§ **Try it**: Give back every line of the material exactly. Skip the pictures.

--- Information shown Enclosed Below ---

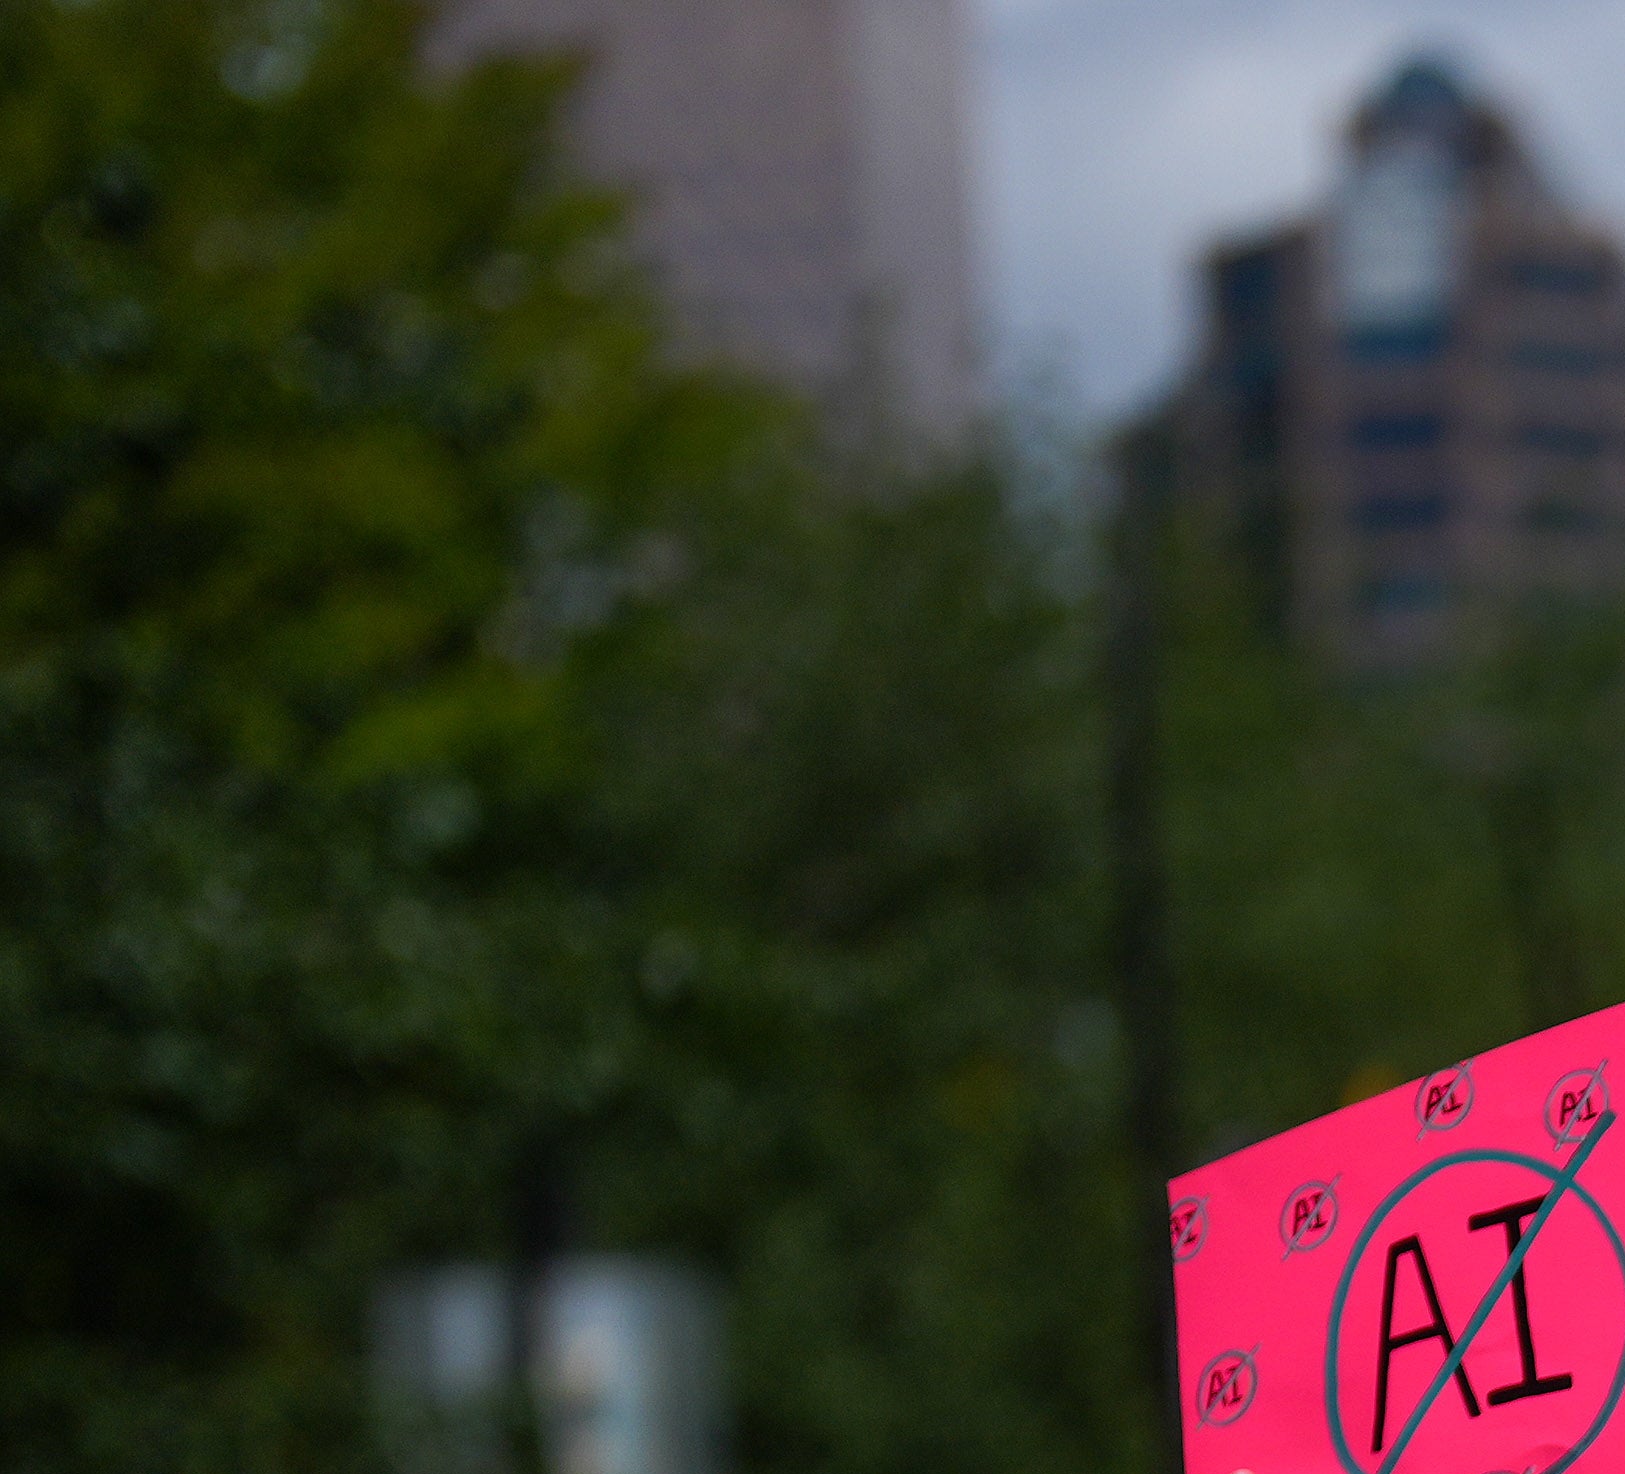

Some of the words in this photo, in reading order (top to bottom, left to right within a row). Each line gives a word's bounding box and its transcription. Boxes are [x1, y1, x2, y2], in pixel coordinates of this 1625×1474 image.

[1425, 1080, 1463, 1121] AI
[1559, 1087, 1598, 1126] AI
[1292, 1191, 1328, 1237] AI
[1371, 1193, 1573, 1454] AI
[1206, 1367, 1243, 1408] AI

--- End of Enclosed Information shown ---

§ **Problem solution**:
Some of the words in this photo, in reading order (top to bottom, left to right within a row). Each line gives a word's bounding box and its transcription. Boxes are [x1, y1, x2, y2], in pixel coordinates of this 1625×1474 image.

[1425, 1080, 1463, 1121] AI
[1559, 1087, 1598, 1126] AI
[1292, 1191, 1328, 1237] AI
[1371, 1193, 1573, 1454] AI
[1206, 1367, 1243, 1408] AI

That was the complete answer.